Why? The problem has been two-fold: Governance and finance.
The core of the governance problem lies with the Department of Transportation. Rather than allocate money to projects that would best ease the flow of traffic or goods, the DOT has appropriated it on the basis of political influence. In fact, the agency has been so reluctant to say no that by late 2007, the DOT listed more than 9,000 projects as approved. This, in an agency that let 270 contracts a year.
In a system in which money flows toward political power, metro Atlanta loses out. Why? Because rural areas elect legislators who will actually fight for them.
If transportation funds were instead allocated on the basis of data, need and transportation impact, metro Atlanta would fare much better.
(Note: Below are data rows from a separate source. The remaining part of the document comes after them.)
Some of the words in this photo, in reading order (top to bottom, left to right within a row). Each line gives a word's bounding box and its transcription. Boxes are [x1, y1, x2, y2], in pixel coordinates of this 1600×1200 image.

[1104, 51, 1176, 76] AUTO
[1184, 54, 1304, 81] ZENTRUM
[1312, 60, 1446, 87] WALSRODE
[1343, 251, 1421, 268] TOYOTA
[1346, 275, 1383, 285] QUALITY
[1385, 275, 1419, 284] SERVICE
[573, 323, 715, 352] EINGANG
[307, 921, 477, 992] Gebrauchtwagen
This is where the need is greatest; this is where the impact would be most noticeable. But that’s not how things work.
State leaders are now trying to muscle through a “reform” of the system. But rather than make our transportation planning more professional and data-driven, the goal is to make it even it more political. For example, it is supposedly “reform” to give the Legislature the power to spend up to 20 percent of transportation money on projects it gets to approve. Now, how many professional transportation planners sit in the General Assembly? Do you think that money will be allocated to where it would do the most good for Georgia, or to where it would do the most good for powerful legislators?
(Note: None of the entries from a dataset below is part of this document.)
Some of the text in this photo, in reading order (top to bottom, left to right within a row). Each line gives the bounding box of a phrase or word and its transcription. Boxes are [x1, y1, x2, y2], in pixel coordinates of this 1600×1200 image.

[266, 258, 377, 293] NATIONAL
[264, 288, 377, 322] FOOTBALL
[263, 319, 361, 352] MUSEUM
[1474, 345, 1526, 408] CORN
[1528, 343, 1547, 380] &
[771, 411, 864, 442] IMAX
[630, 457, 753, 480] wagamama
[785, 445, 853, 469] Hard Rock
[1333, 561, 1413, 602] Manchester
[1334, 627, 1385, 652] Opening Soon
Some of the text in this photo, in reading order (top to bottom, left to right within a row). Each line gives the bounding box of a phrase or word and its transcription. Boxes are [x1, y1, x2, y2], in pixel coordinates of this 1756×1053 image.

Finance, the second obstacle to addressing our traffic problem, is an easy problem to explain: Georgia has long had one of the lowest gas taxes in the country; Georgia has also been one of the nation’s fastest growing states. That combination — fast growth with insufficient resources to handle it — has produced gridlock. And rural legislators have refused to consider raising the gas tax to generate the revenue needed to break that impasse.
A year ago, the state House of Representatives did champion a regional approach to transportation funding. That plan would have given metro Atlanta voters the right to tax themselves for transportation, and to spend that money on projects selected to produce the most transportation benefit. But when the Senate balked at the last minute, the proposal died.
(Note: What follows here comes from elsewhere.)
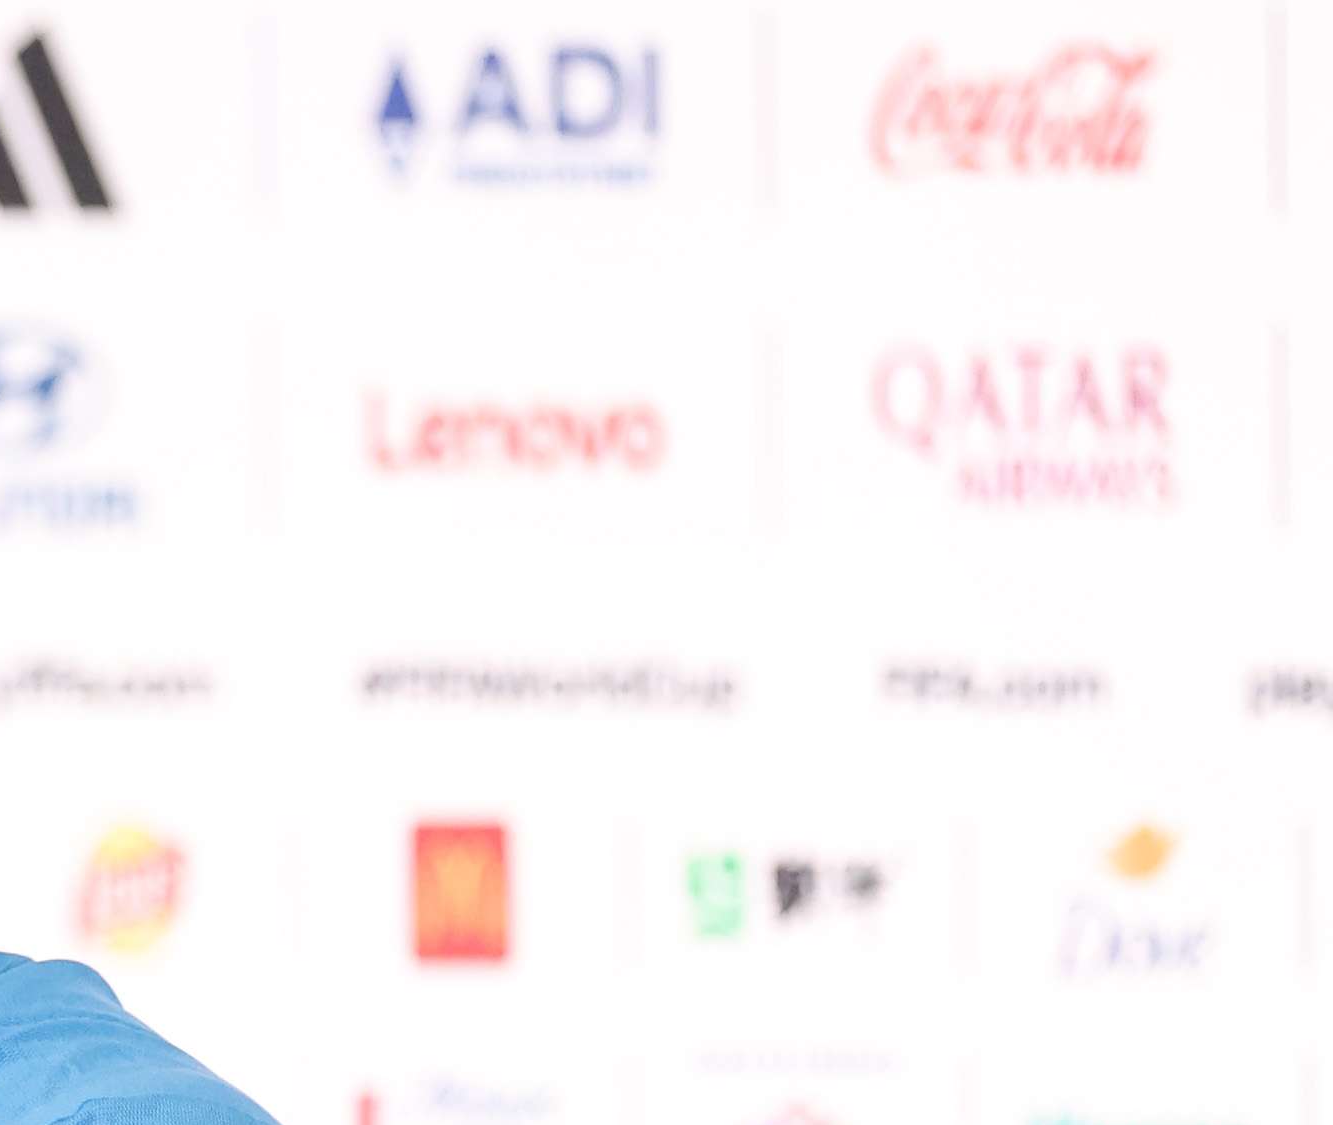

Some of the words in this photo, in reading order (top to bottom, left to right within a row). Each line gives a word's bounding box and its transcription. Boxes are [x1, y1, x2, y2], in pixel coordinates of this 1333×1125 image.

[453, 43, 660, 142] ADI
[366, 398, 666, 473] Lenovo
[870, 343, 1171, 461] QATAR
This year, the Senate has reversed itself, championing a regional approach similar to what it rejected in 2008. But this time the House is balking, instead proposing a statewide plan that would ask voters across Georgia to approve a one-cent sales tax for transportation.
Unfortunately, the odds of voters statewide approving a transportation tax are considerably lower than the odds of metro Atlanta voters approving such an increase. And with a statewide tax, metro Atlanta would continue to pay the bulk of the money while getting less than its share in return.
The House version also contains a list of projects that would supposedly be funded by the statewide tax, including many in metro Atlanta. Unfortunately, the revenue the tax would raise could not possibly fund that list. The House has reproduced the very problem it condemns at the DOT, and for the same reason: It is dangling transportation money as a political goody, not as a resource to be wisely allocated.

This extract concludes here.